Pero esto son divagaciones sin la menor importancia. He olvidado mencionarles que Helen Keller es inválida.
La silla de ruedas que utiliza es de fabricación alemana y fue ensamblada en la Argentina, de modo que para llegar a su trasero tuvo que viajar miles de millas -disculpen si me he exaltado en algún momento, pero es que el ruido que produce aquel aparato me destroza los nervios-. Por las mañanas siento cuando arranca el artefacto que hace el mismo ruido que la turbina de un caza, luego sale en dirección al elevador, aprieta los botones al azar y está deambulando por los veinte pisos del edificio hasta que algún alma piadosa –yo casi siempre- la conduce a la primera planta, donde arranca nuevamente su motor y se pierde en el tráfico de Palm Street. Nunca he intentado seguirla. Lo más desconcertante es esto: ustedes recordarán que al principio describí cómo Helen Keller abría la puerta de su habitación y cómo escuchaba sus pasos ascendiendo la escalera. Pues bien: así yo hubiera deseado que fueran las cosas, pero la realidad es siempre decepcionante. Hellen Keller abre la puerta de su departamento con un empujón y luego da un portazo que estremece la vajilla en mi pieza. No puede ascender las escaleras porque es inválida y no puede girar la llave en la cerradura porque su departamento no tiene.

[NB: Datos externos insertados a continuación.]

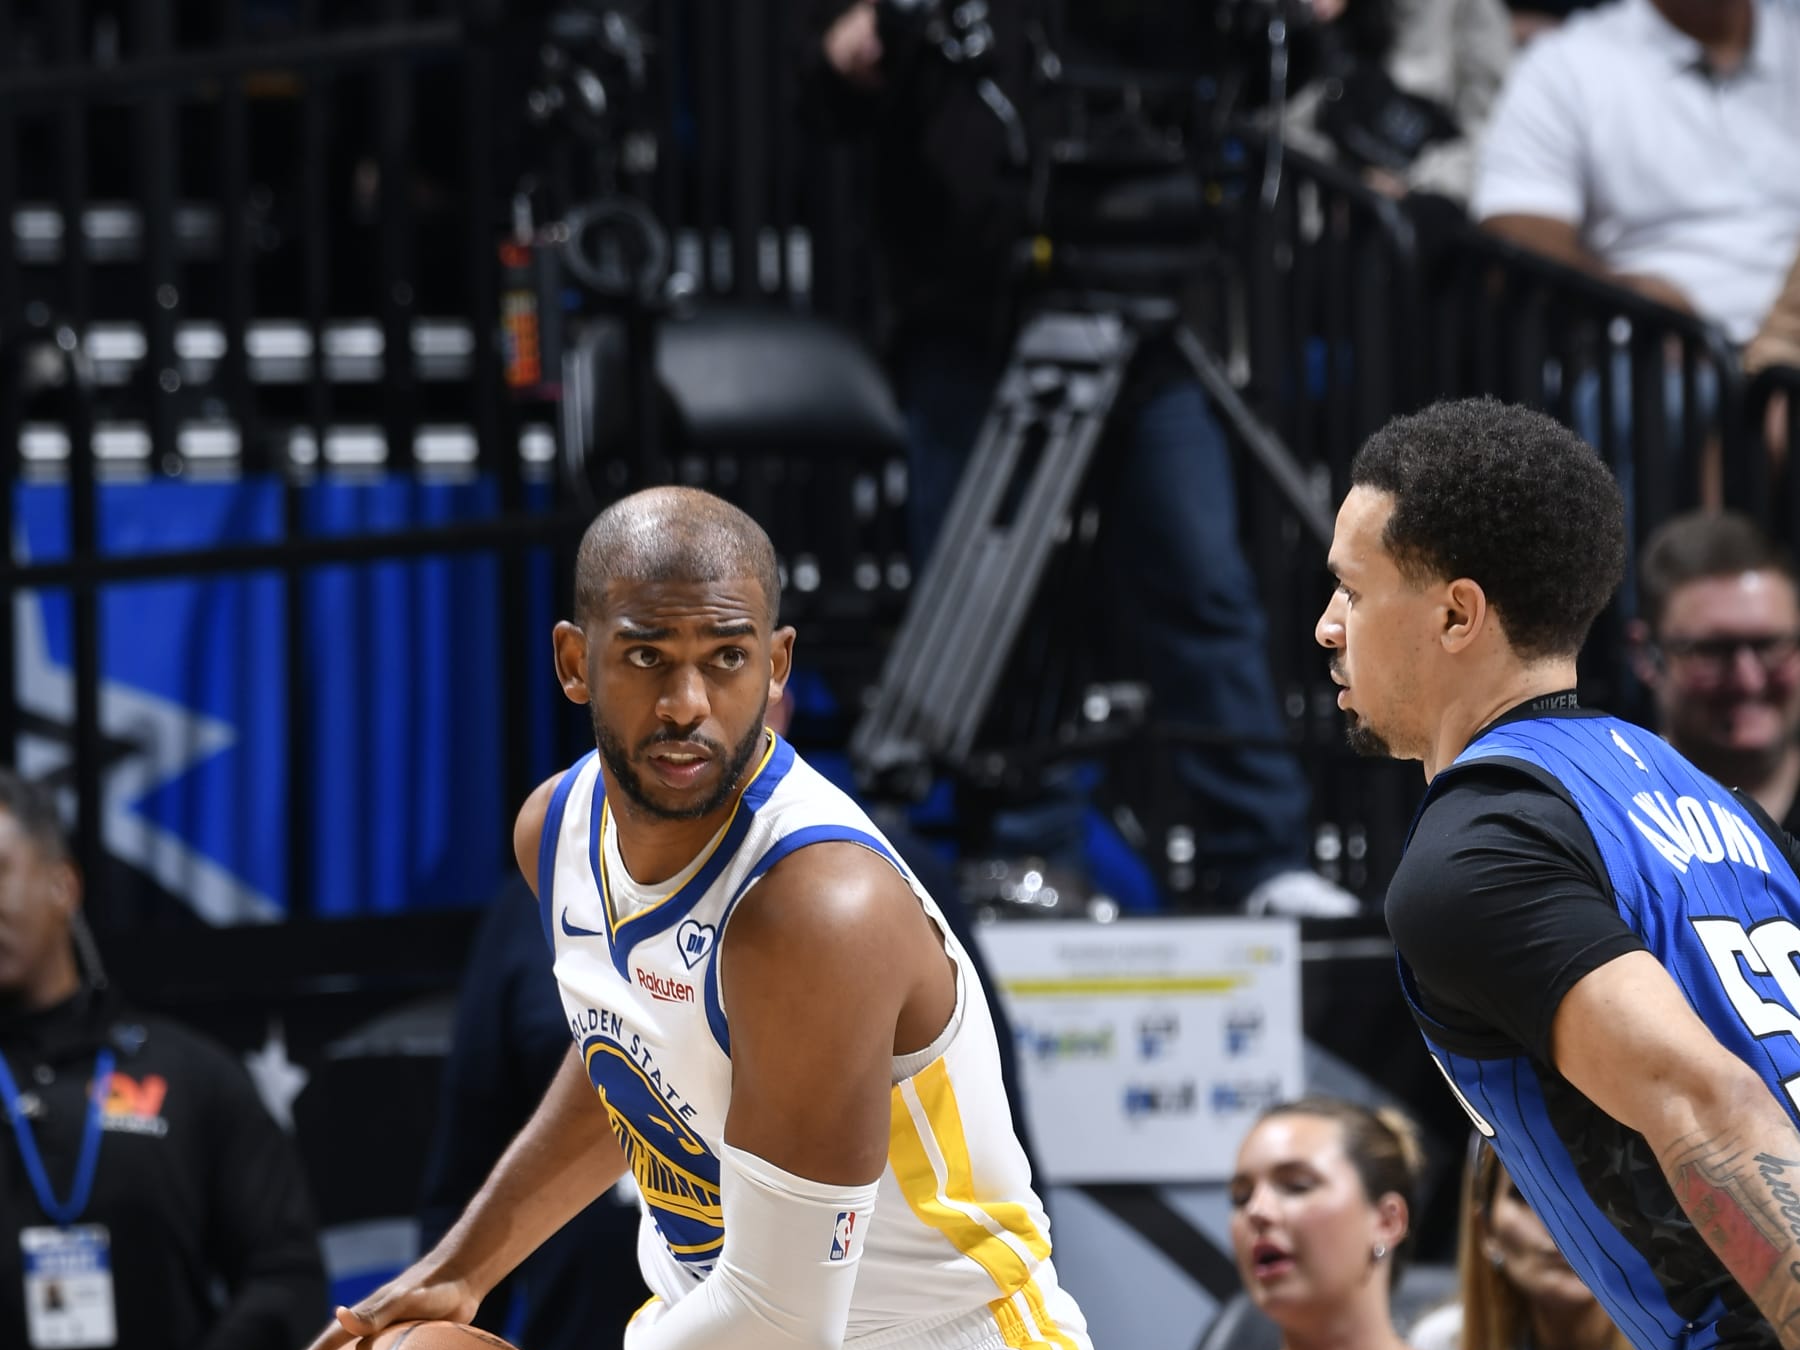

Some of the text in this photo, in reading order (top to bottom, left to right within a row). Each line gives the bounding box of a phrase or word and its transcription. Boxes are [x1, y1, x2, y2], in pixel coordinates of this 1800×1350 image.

[636, 967, 695, 1003] Rakuten
[571, 1008, 698, 1121] OLDEN STATE

Yo muchas veces me he preguntado la causa de esa invencible curiosidad por averiguar qué hace Helen Keller cuando sale del edificio Hediggan. Y la respuesta es la misma: soy un enfermo mental, soy el tipo retorcido que fantasea con su vecina inválida. Hace años conocí a Maxim Andropov, un comunista zoofílico que les hacía el amor a los canarios mientras silbaba La Internacional, y esto no le impedía ser mi mejor amigo. Estuvimos juntos en Sing Sing. De eso hablaremos luego; lo que quiero decir es que el carácter de mi inofensiva obsesión me elevaba espiritualmente.
Ahora estoy pensando en el día en el cual descubrí el secreto de Helen Keller. Ya se habrán fijado que mi narración es confusa y les advierto que puede ponerse peor.

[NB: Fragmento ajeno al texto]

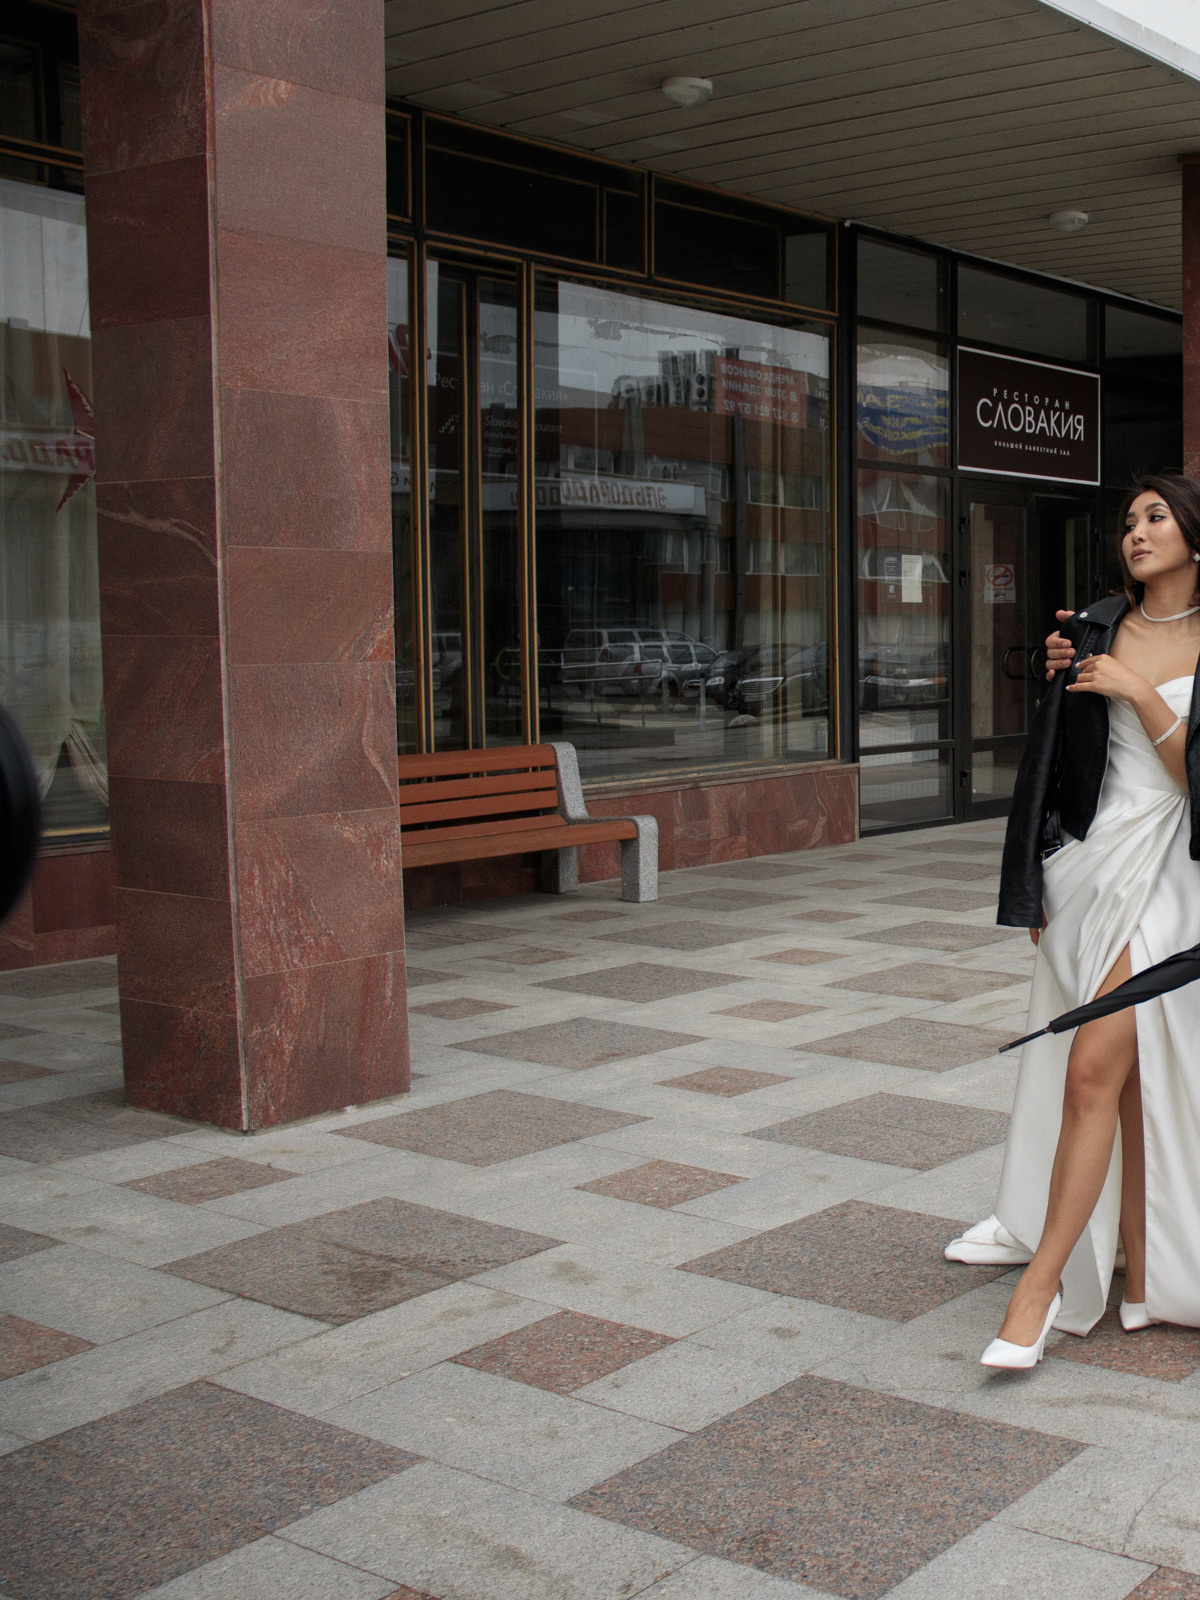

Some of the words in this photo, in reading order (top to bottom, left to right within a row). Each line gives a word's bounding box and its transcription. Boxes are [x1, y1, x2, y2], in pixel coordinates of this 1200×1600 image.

[993, 387, 1070, 410] РЕСТОРАН
[976, 398, 1084, 442] СЛОВАКИЯ
[994, 440, 1023, 450] БОЛЬШОЙ
[1025, 445, 1057, 455] БАНКЕТНЫЙ

La mañana del 5 de febrero de 1960 se cumplían veinte años de la muerte de mi búfalo. Pero esa es otra historia demasiado dolorosa para referirla aquí; me limitaré a indicar que al levantarme ese día me dirigí a la foto de Lucius Snyder, que en un tiempo fue mi Dios, luego mi héroe, ahora es mi amigo y posiblemente dentro de cinco años sea papel sanitario. Le pedí discretamente que me ayudara. Sentí cómo en la habitación de Helen Keller echó a andar la silla de ruedas; silenciosamente abrí la puerta que daba al pasillo, viendo a la inválida acelerar en dirección al elevador. Me acerqué más solícito que nunca y oprimí el botón de la planta baja. En el elevador advertí cuatro cosas: 1.estaba vestida con el traje negro que le llegaba a los tobillos, 2. traía su bufanda gris, 3.lucía unas gafas negras no me dejaron ver sus ojos que yo sabía eran azules, 4. mascaba chicle con ansiedad enfermiza. Al abrirse la puerta del elevador aceleró hasta perderse en la multitud de Palm Street. Corrí tras ella pero el gentío me estorbaba; a pesar de estos inconvenientes vi que se dirigía al Metro. Lo bueno de perseguir a una mujer como Helen Keller es que no tienes por qué ocultarte, y gracias a esa circunstancia yo caminaba casi a su lado antes de bajar a las profundidades de Westburg.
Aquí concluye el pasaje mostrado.